Figure 4b: Data uncertainty in pink and model uncertainty in green when trained on many data examples (magenta points).

Figures 4a and and 4b above illustrate how as the BNN is given more examples to train on, the uncertainty decreases. These figures also touch on something that I will expand on in the next blog article in this series. That is, with BNNs, the total uncertainty can be deconstructed into two components: data uncertainty (risk) and model uncertainty.

Risk-management: an application of uncertainty

Many applications become available when we have good estimates of uncertainty (both about the model and data). Here, I’ll introduce one such application, which should be enough to get you started. Part 2 of this blog series will provide a much more comprehensive and technical explanation of the different kinds of uncertainties, in addition to example code that performs exactly what is demonstrated below.

Many tasks involve an amount of risk that needs to be managed, be it for safety, scientific integrity, or financial profit.

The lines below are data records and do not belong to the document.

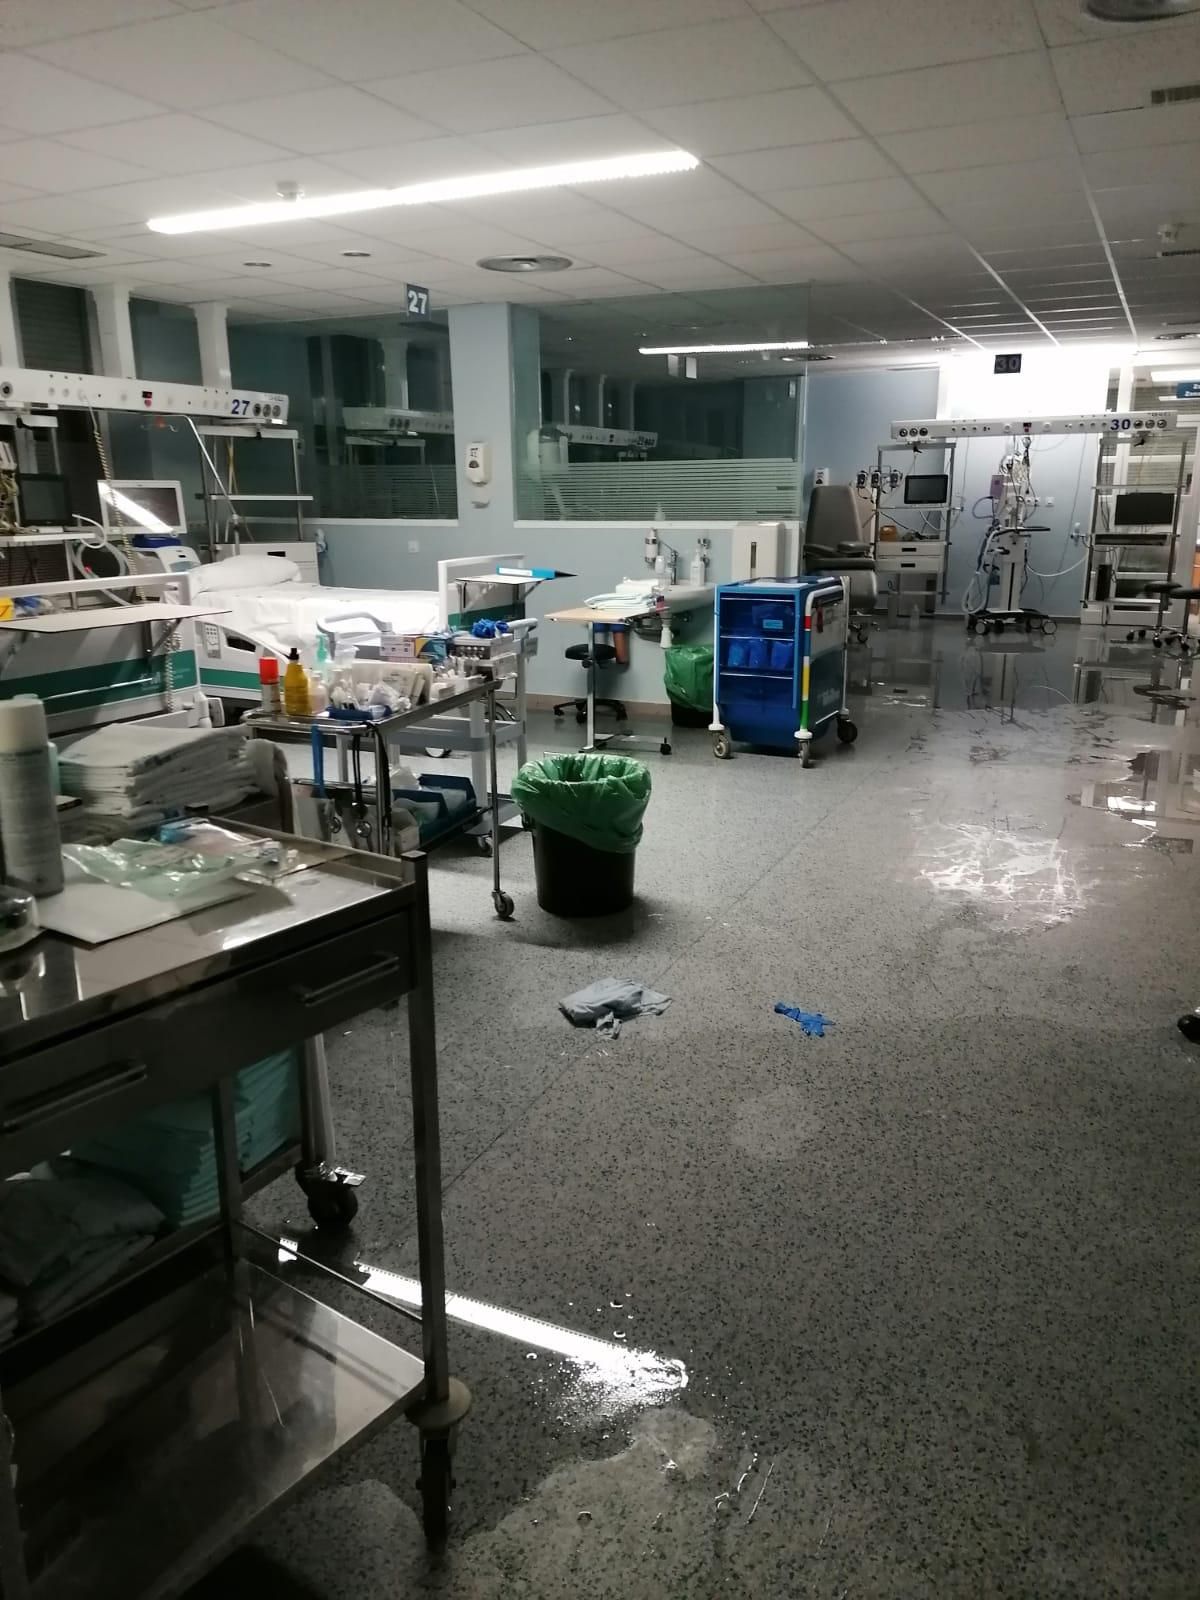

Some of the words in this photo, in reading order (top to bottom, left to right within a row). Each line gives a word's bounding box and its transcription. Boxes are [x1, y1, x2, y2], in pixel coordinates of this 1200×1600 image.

[408, 290, 427, 314] 27
[996, 358, 1020, 370] 30
[231, 399, 250, 416] 27
[1110, 419, 1131, 430] 30
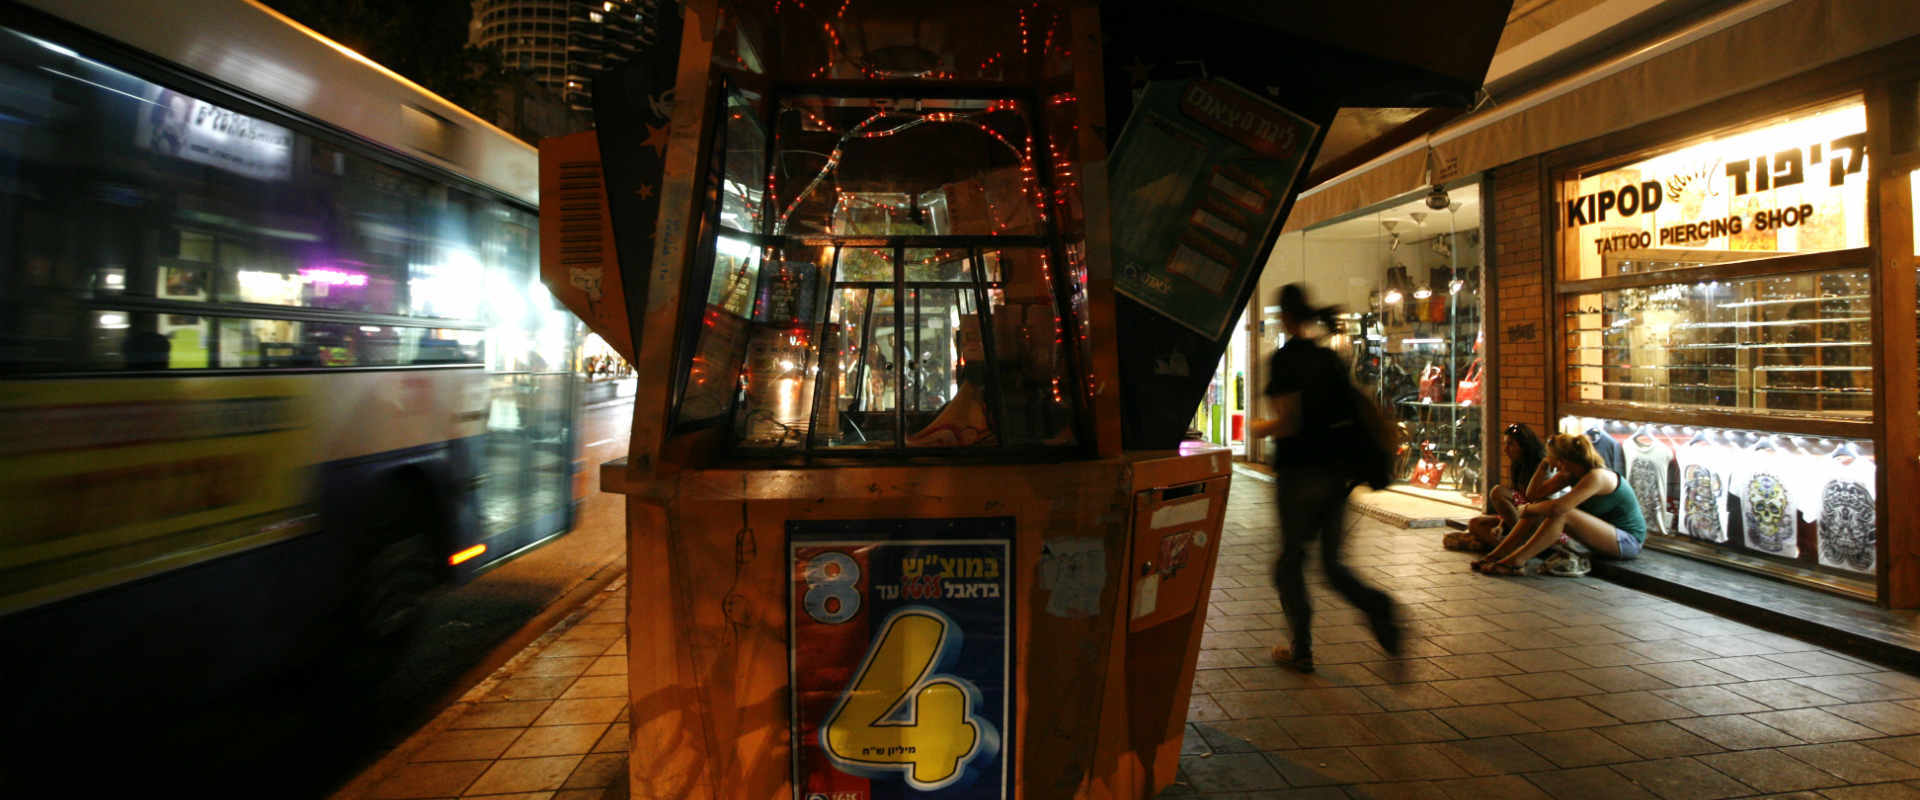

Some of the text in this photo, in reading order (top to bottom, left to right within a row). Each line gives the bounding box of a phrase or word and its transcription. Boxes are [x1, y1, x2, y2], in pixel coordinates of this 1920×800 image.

[1726, 131, 1868, 196] קיפוד
[1568, 180, 1663, 227] KIPOD
[1595, 203, 1814, 255] TATTOO PIERCING SHOP
[804, 552, 861, 624] 8
[875, 585, 899, 600] עד
[944, 581, 1000, 598] בדאבל
[824, 611, 978, 786] 4
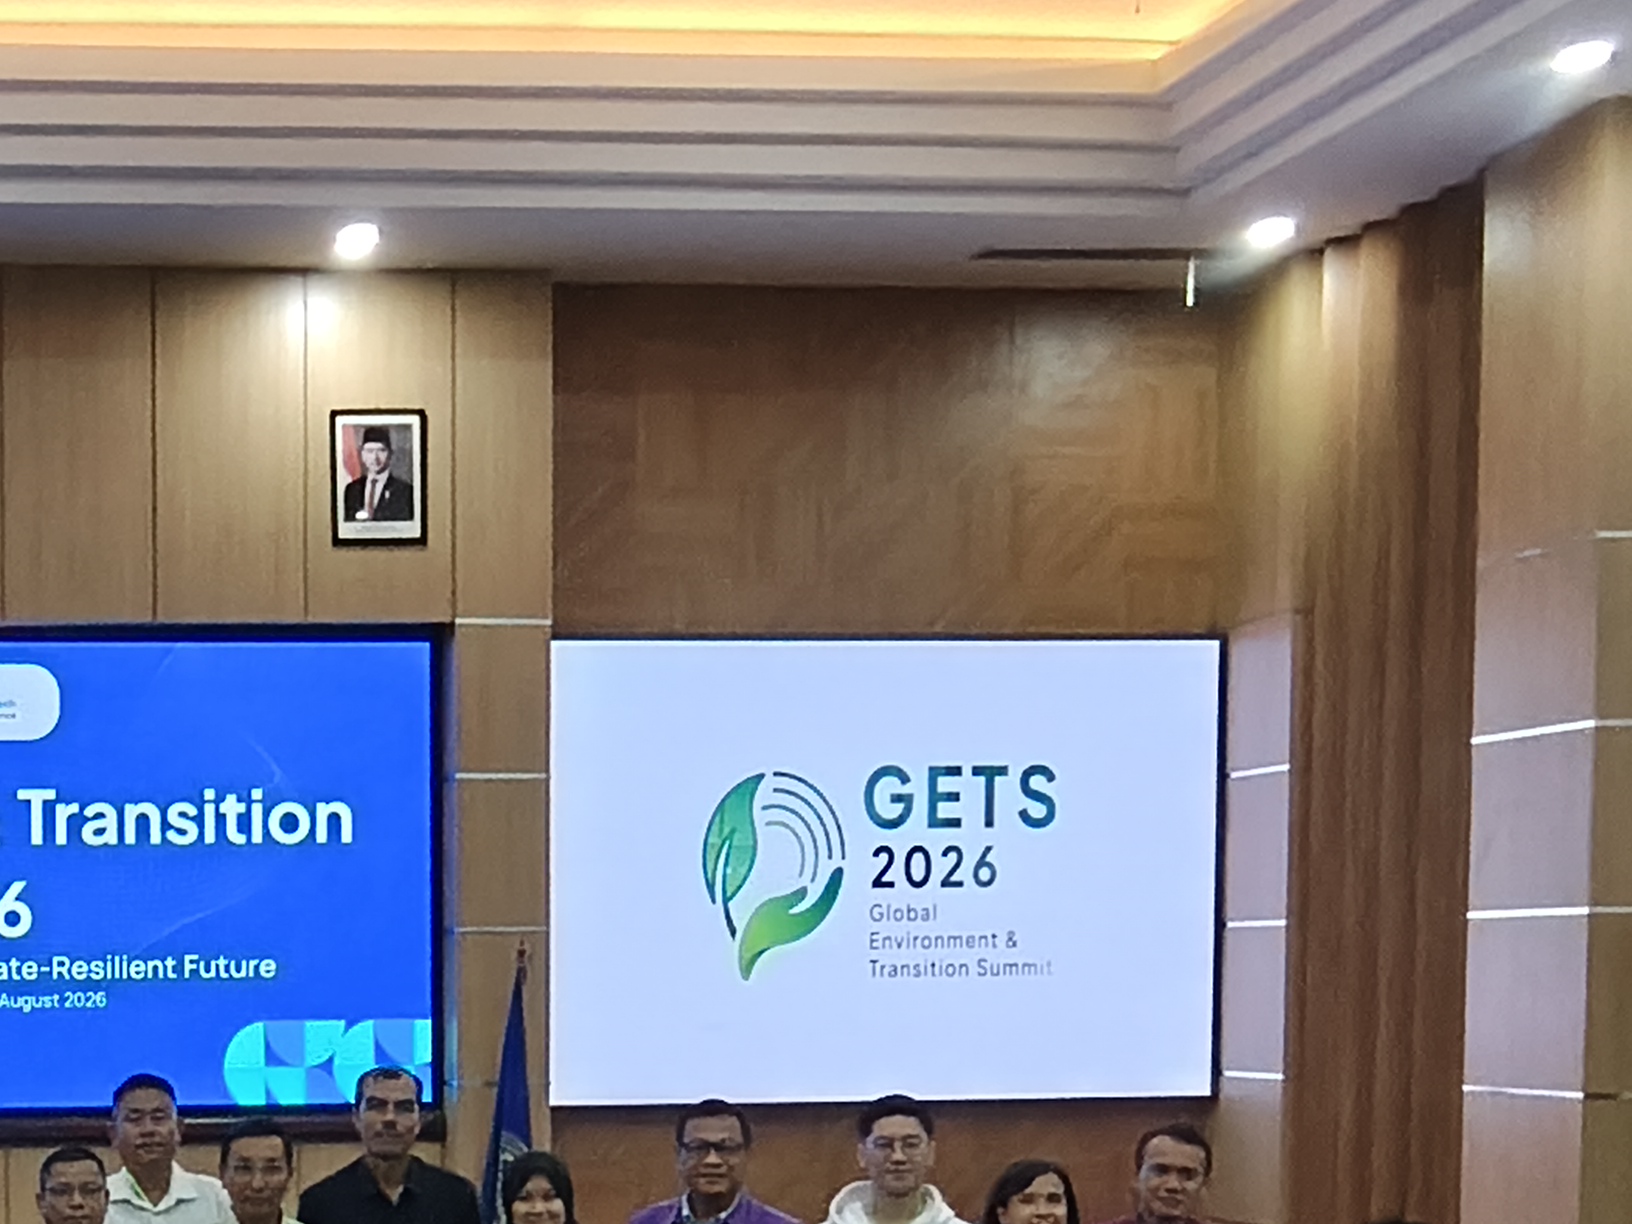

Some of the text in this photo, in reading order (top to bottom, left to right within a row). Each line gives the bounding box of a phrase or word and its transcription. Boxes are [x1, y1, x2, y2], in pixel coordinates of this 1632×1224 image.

[864, 764, 1057, 830] GETS
[17, 787, 353, 848] Transition
[871, 844, 997, 889] 2026
[869, 903, 938, 923] Global
[869, 930, 1019, 951] Environment &
[183, 954, 277, 980] Future
[869, 958, 1054, 979] Transition Summit
[64, 990, 108, 1009] 2026
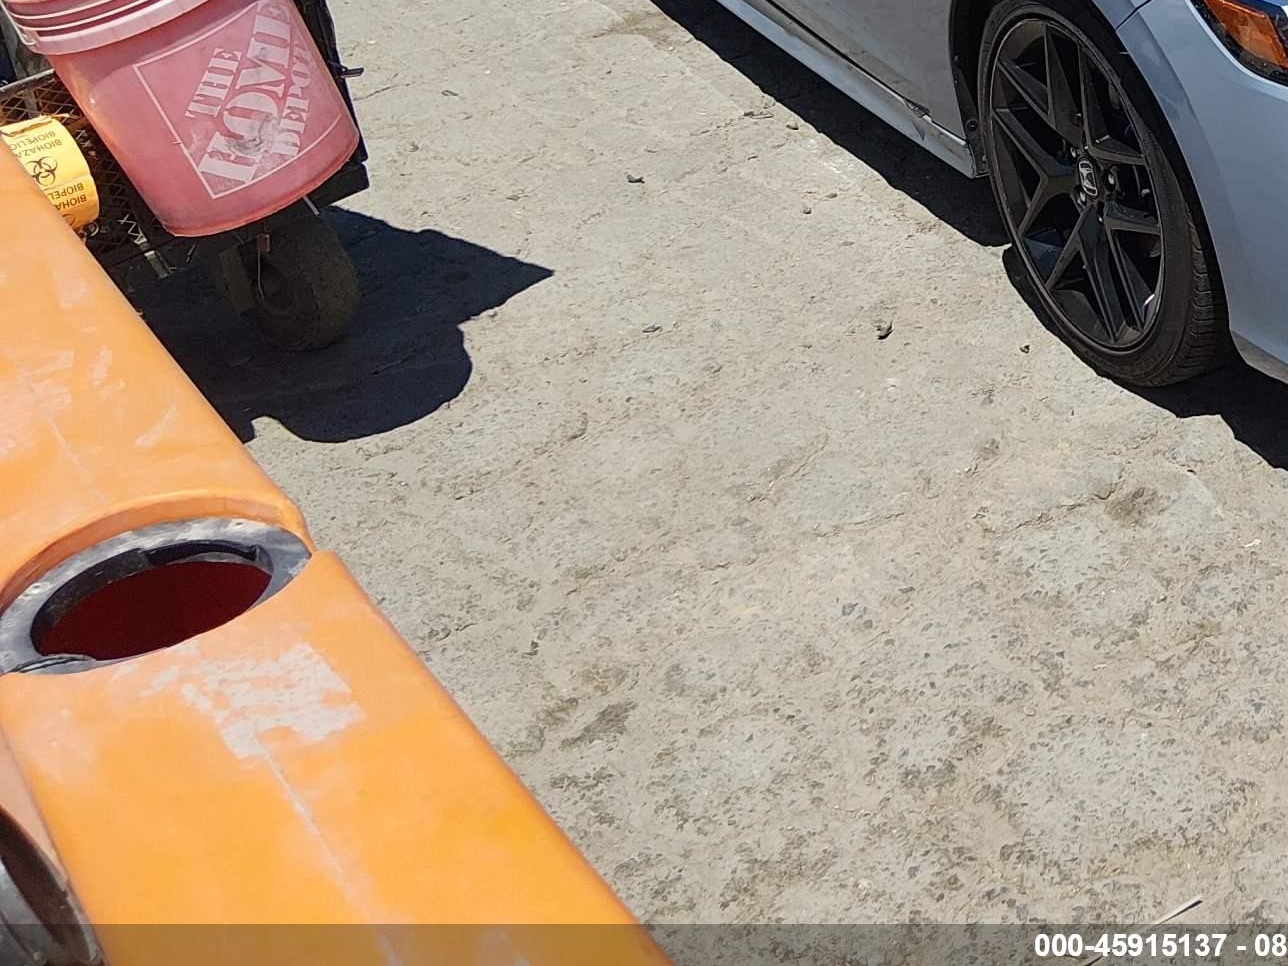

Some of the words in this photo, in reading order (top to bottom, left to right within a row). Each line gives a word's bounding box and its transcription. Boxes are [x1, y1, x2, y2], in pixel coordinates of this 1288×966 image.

[184, 47, 242, 118] THE
[199, 0, 291, 183] HOME
[48, 182, 84, 201] BIOPEL
[55, 194, 87, 211] BIOHA

To illustrate this, consider the case study depicted in Figure 5 below.

If a driverless vehicle made inference on an image (Figure 5a) to predict what object different segments of that image belonged to and falsely predicted portions of a path as belonging to a road (Figure 5c), the car may drive off the road and compromise safety. This action could be avoided by rejecting predictions that have uncertainties above some suitable threshold (Figure 5e). Thus, the model uncertainty can improve the predictive performance and safety of the AI in production.